§ YOUR OBJECTIVE
In the copy, keep every line below as it is and leave out the pictures.

Collected data entries
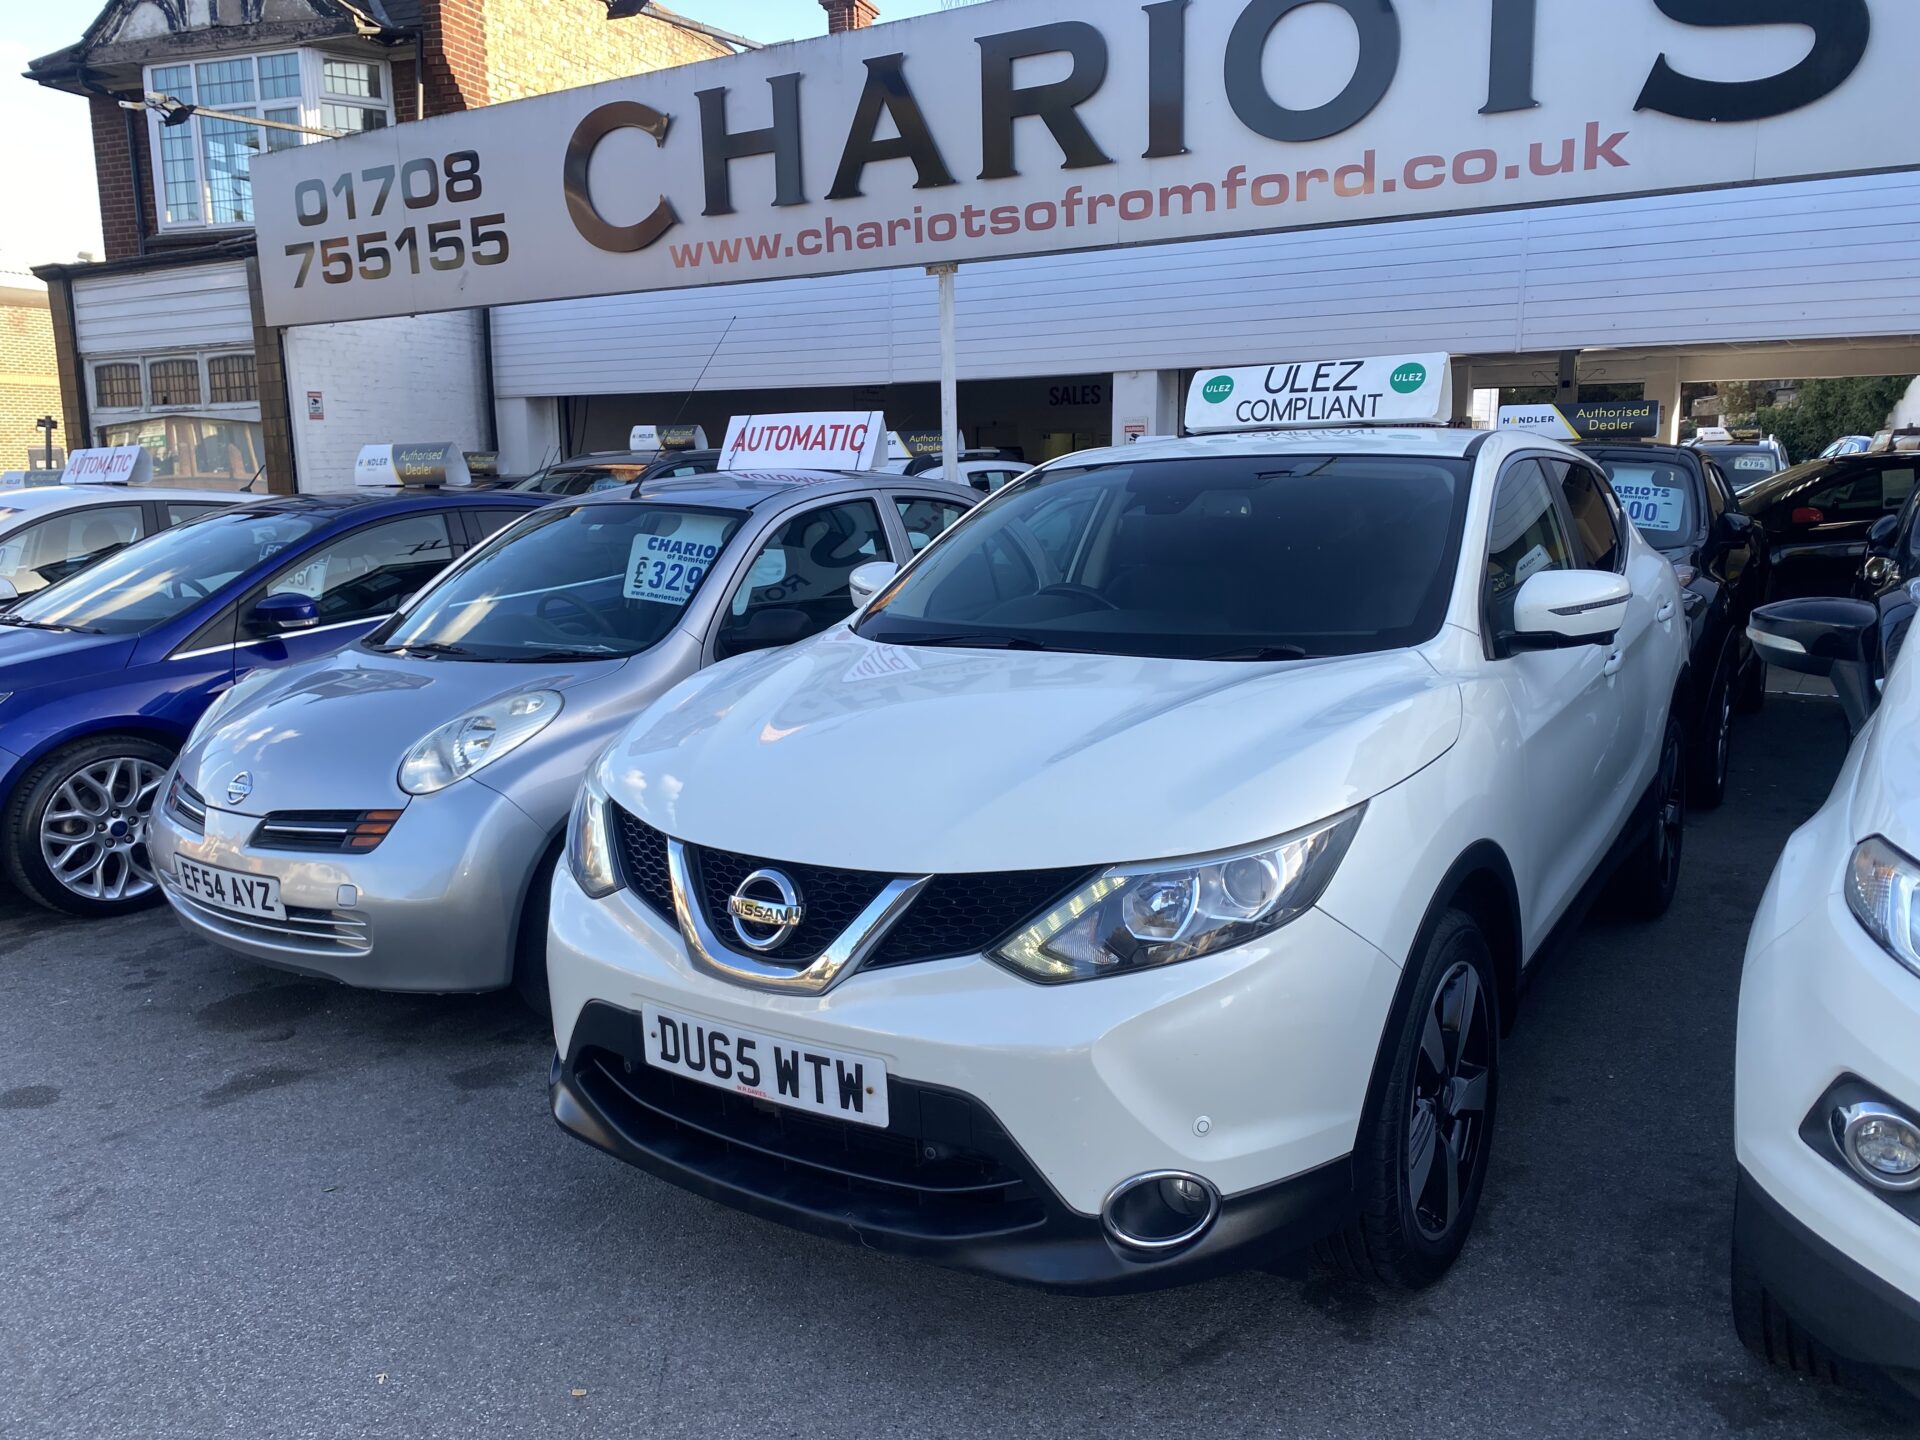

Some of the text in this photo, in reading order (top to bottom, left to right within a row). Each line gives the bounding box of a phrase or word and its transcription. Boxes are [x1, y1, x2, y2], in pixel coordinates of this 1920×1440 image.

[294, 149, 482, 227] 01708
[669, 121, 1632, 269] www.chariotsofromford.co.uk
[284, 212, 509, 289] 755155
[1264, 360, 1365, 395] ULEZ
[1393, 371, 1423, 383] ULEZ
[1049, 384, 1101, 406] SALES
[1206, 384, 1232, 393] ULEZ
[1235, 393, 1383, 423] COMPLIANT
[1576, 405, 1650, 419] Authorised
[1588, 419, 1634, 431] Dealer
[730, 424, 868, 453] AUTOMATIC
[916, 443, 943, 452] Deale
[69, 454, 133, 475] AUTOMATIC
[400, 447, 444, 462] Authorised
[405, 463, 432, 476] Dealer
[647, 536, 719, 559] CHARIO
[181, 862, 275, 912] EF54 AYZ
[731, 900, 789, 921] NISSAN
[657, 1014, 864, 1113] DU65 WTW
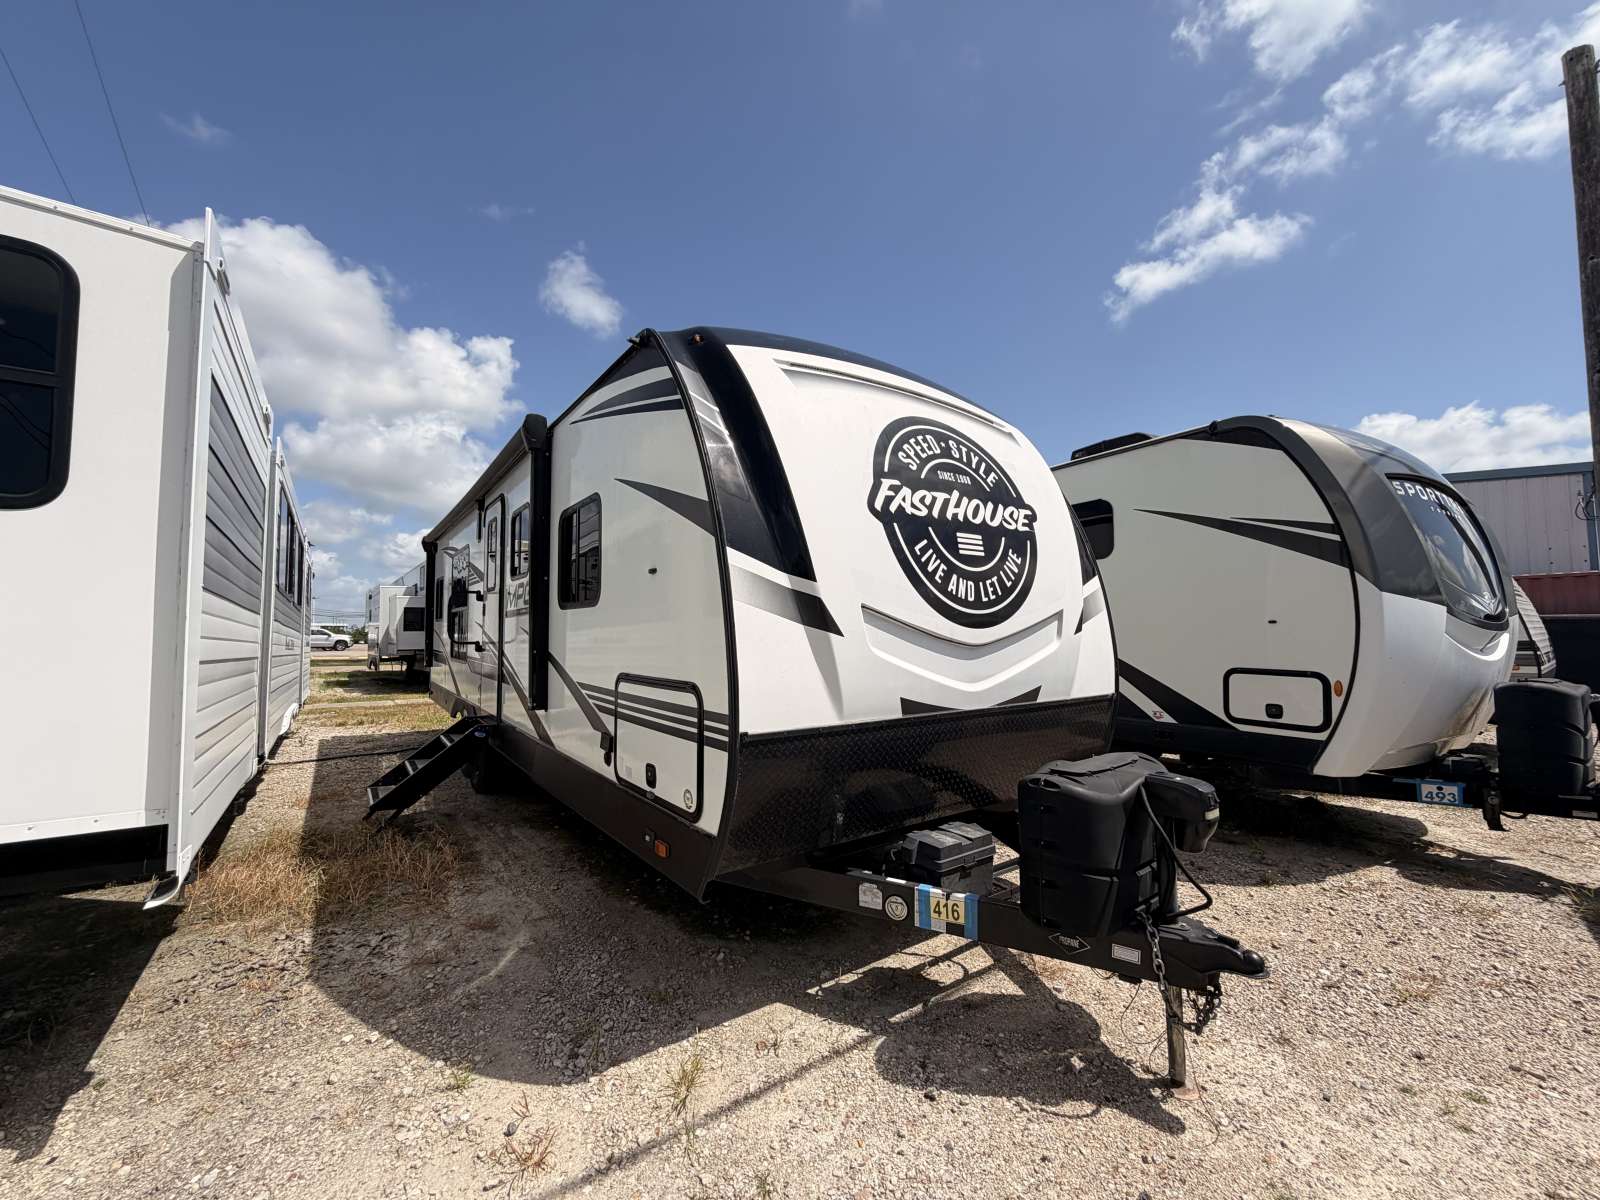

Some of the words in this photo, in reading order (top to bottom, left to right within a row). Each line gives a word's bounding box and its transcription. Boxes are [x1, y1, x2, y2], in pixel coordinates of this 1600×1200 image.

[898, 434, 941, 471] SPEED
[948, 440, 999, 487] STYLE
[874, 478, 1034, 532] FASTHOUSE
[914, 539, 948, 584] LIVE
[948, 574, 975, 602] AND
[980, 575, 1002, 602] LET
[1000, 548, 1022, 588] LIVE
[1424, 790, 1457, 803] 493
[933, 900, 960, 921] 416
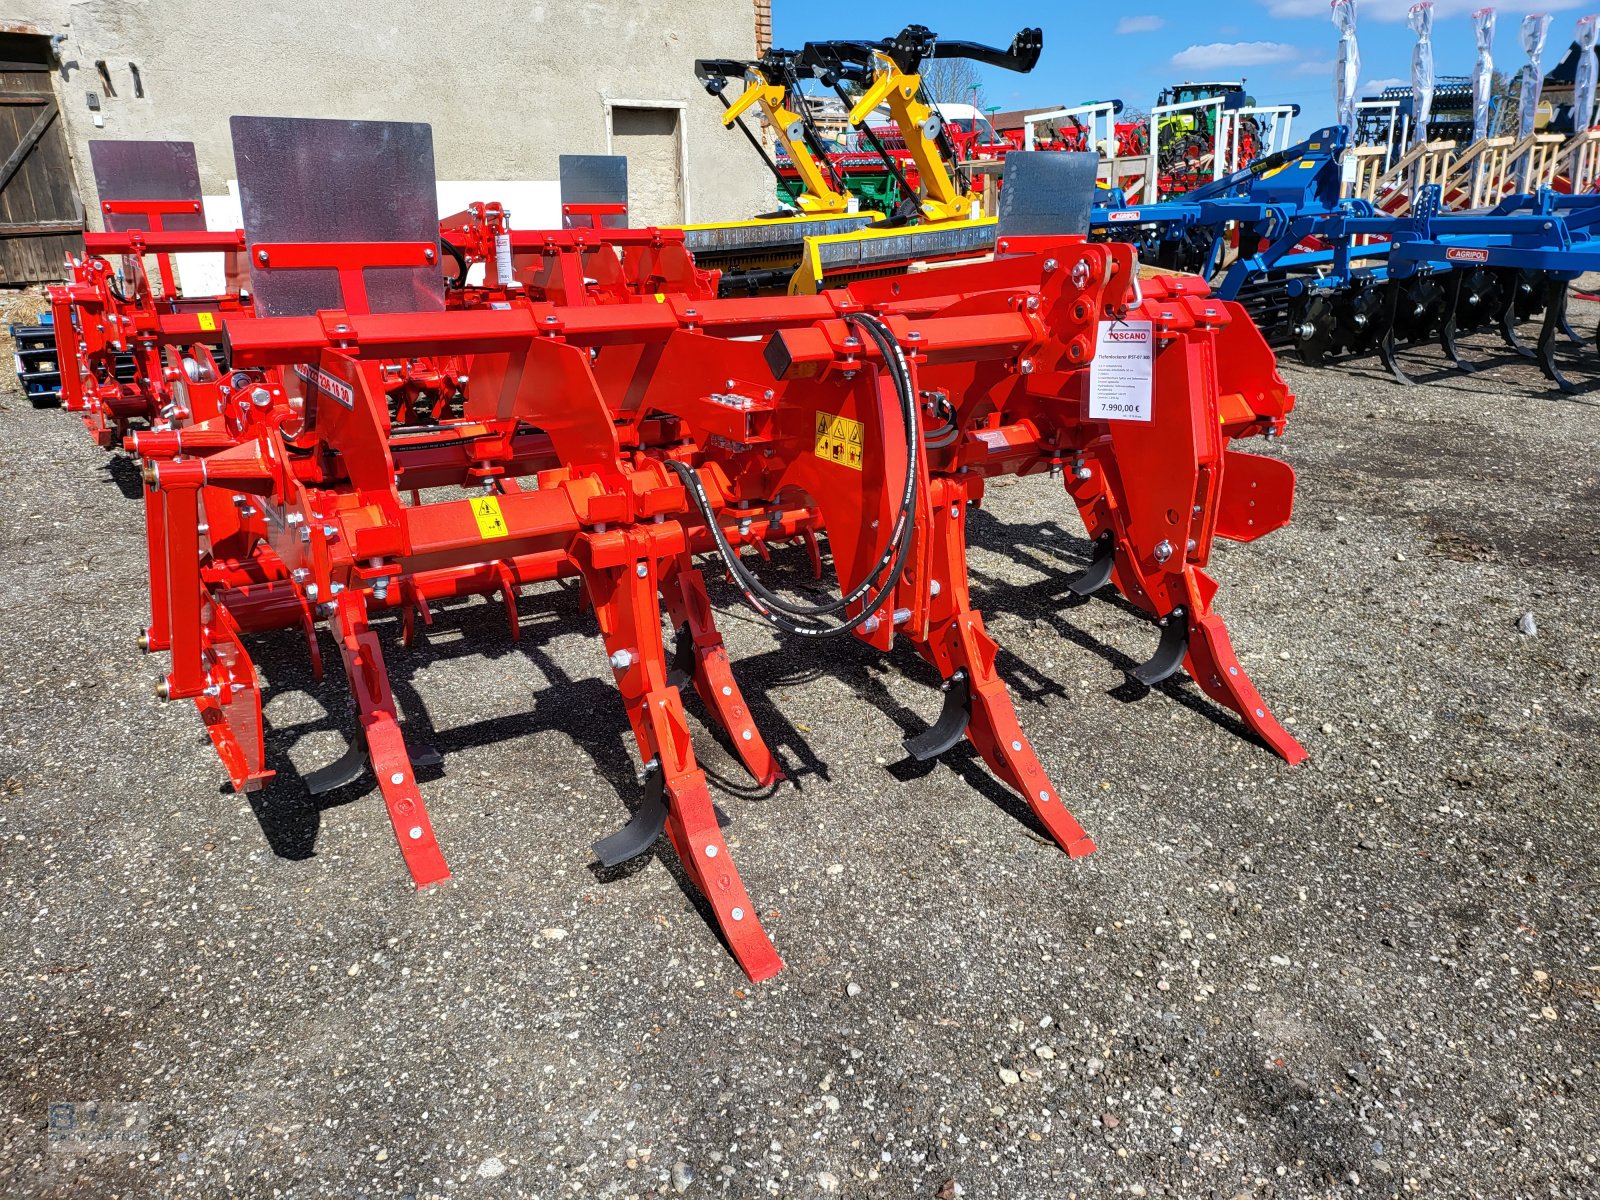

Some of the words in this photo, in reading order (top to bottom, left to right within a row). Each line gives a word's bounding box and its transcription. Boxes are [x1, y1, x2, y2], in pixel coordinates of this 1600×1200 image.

§ EXERCISE ANSWER
Some of the text in this photo, in reading order (top to bottom, left to right within a row). Each line gives the bounding box of a phrase or word and its transcription. Boxes are [x1, y1, x2, y2], in pixel coordinates of this 1920×1440 image.

[294, 149, 482, 227] 01708
[669, 121, 1632, 269] www.chariotsofromford.co.uk
[284, 212, 509, 289] 755155
[1264, 360, 1365, 395] ULEZ
[1393, 371, 1423, 383] ULEZ
[1049, 384, 1101, 406] SALES
[1206, 384, 1232, 393] ULEZ
[1235, 393, 1383, 423] COMPLIANT
[1576, 405, 1650, 419] Authorised
[1588, 419, 1634, 431] Dealer
[730, 424, 868, 453] AUTOMATIC
[916, 443, 943, 452] Deale
[69, 454, 133, 475] AUTOMATIC
[400, 447, 444, 462] Authorised
[405, 463, 432, 476] Dealer
[647, 536, 719, 559] CHARIO
[181, 862, 275, 912] EF54 AYZ
[731, 900, 789, 921] NISSAN
[657, 1014, 864, 1113] DU65 WTW

Some of the words in this photo, in reading order (top to bottom, left to right within a row). Each line gives a word's bounding box and its transcription. Boxes are [x1, y1, x2, y2], in pixel coordinates of this 1600×1200 image.

[898, 434, 941, 471] SPEED
[948, 440, 999, 487] STYLE
[874, 478, 1034, 532] FASTHOUSE
[914, 539, 948, 584] LIVE
[948, 574, 975, 602] AND
[980, 575, 1002, 602] LET
[1000, 548, 1022, 588] LIVE
[1424, 790, 1457, 803] 493
[933, 900, 960, 921] 416

Some of the words in this photo, in reading order (top to bottom, left to right within a row). Each line gives a word's bounding box and its transcription. Boxes are [x1, y1, x2, y2], in pixel coordinates of this 1600×1200 image.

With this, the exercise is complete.